8話 地雷系女子と地雷系女子は引かれ合う(物理)


「な、なんで……清水さんがここに?」

「それを言うなら崎宮さんこそ、どうしてここにいらっしゃるのです? わたくしはただ、の下見に来ただけですが」

「はぁ!? 引っ越し先!?」


「おーい崎宮さん、どうしたの? ……って! 清水!? な、なんで!?」


 わたしの後から来た風切くんは驚きを隠せないようだった。


「あら風切さんご機嫌よう。凄い偶然ですよね。

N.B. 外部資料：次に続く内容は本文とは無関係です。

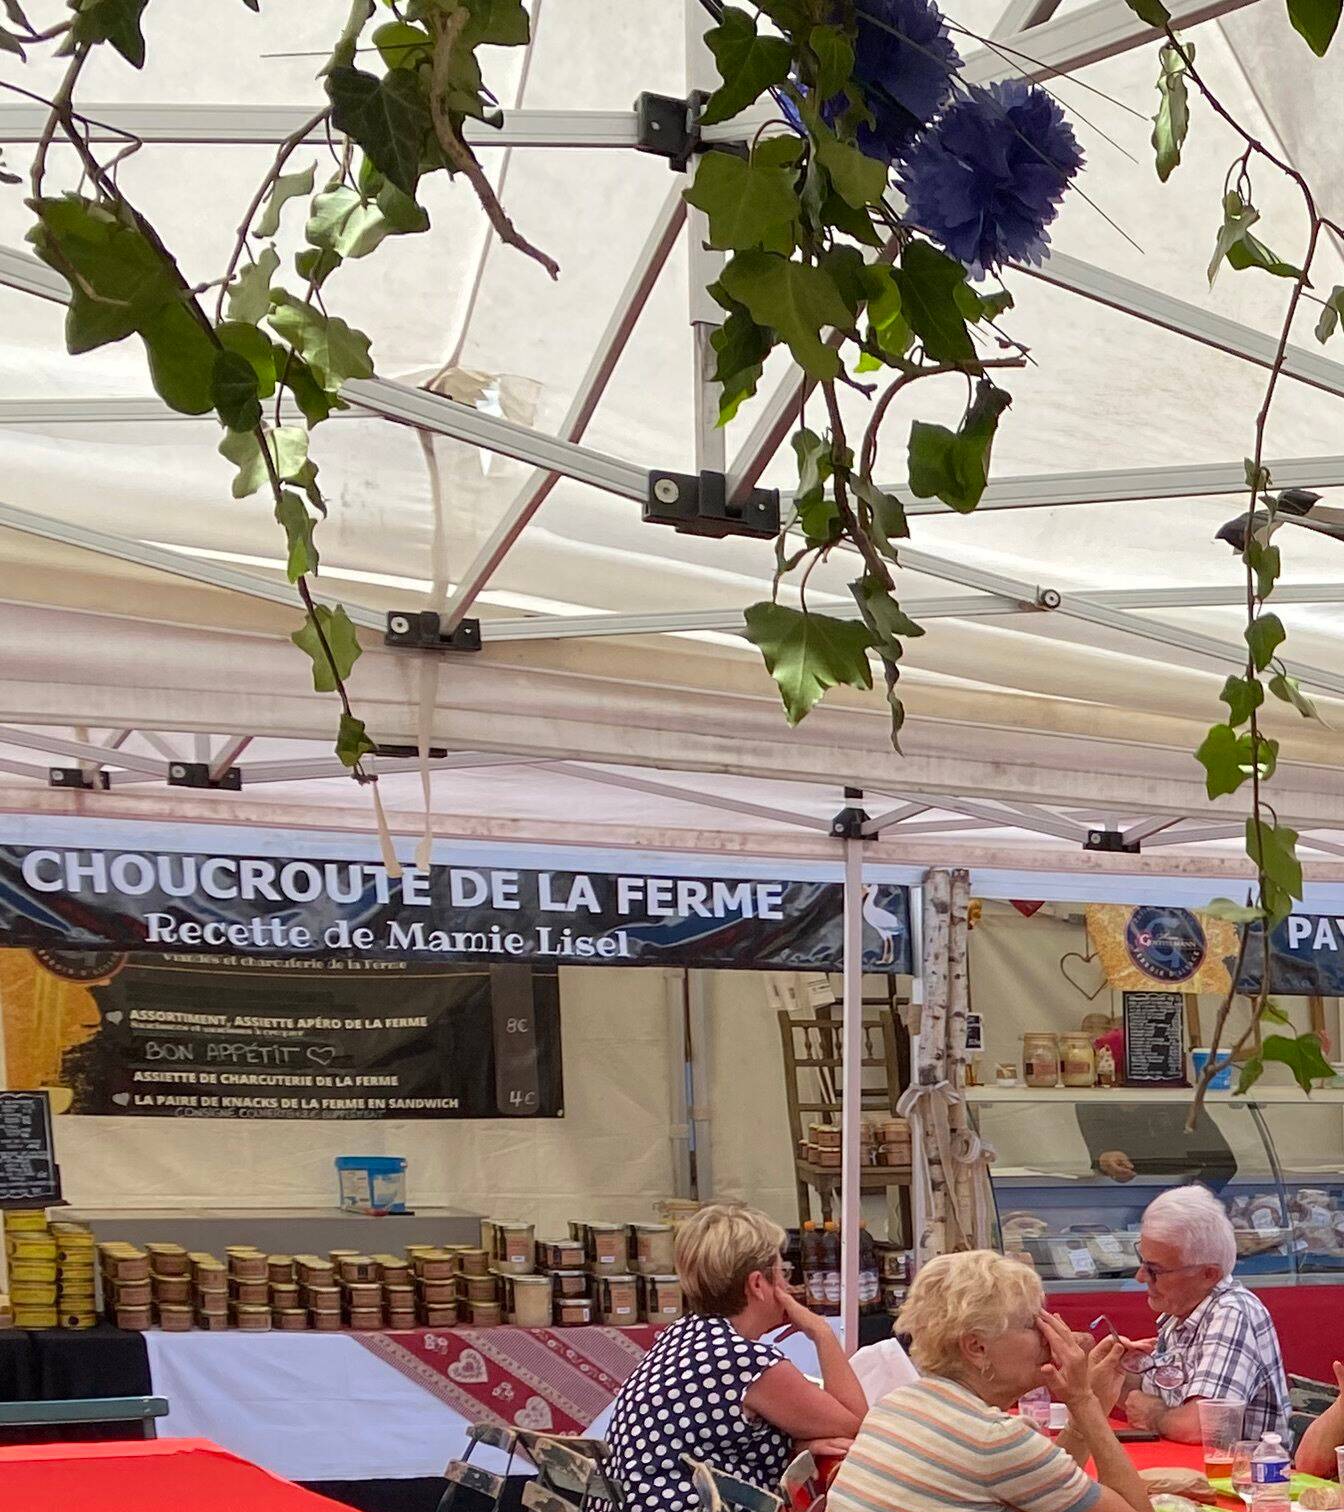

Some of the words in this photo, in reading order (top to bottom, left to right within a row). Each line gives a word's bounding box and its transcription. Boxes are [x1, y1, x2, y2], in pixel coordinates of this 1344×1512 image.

わたくしも驚きで口をあんぐりとさせていたところなのです」


 絶対に嘘だ。

 こんな偶然ありえるわけないじゃない(他人に言えた口じゃないけど)。


 でもなんで清水さんが?

 彼女が風切くんのことをどう思っているのかは知らない。

 ただ、わたしに憧れて地雷系が好きになったということだけは本人から伝えられていた。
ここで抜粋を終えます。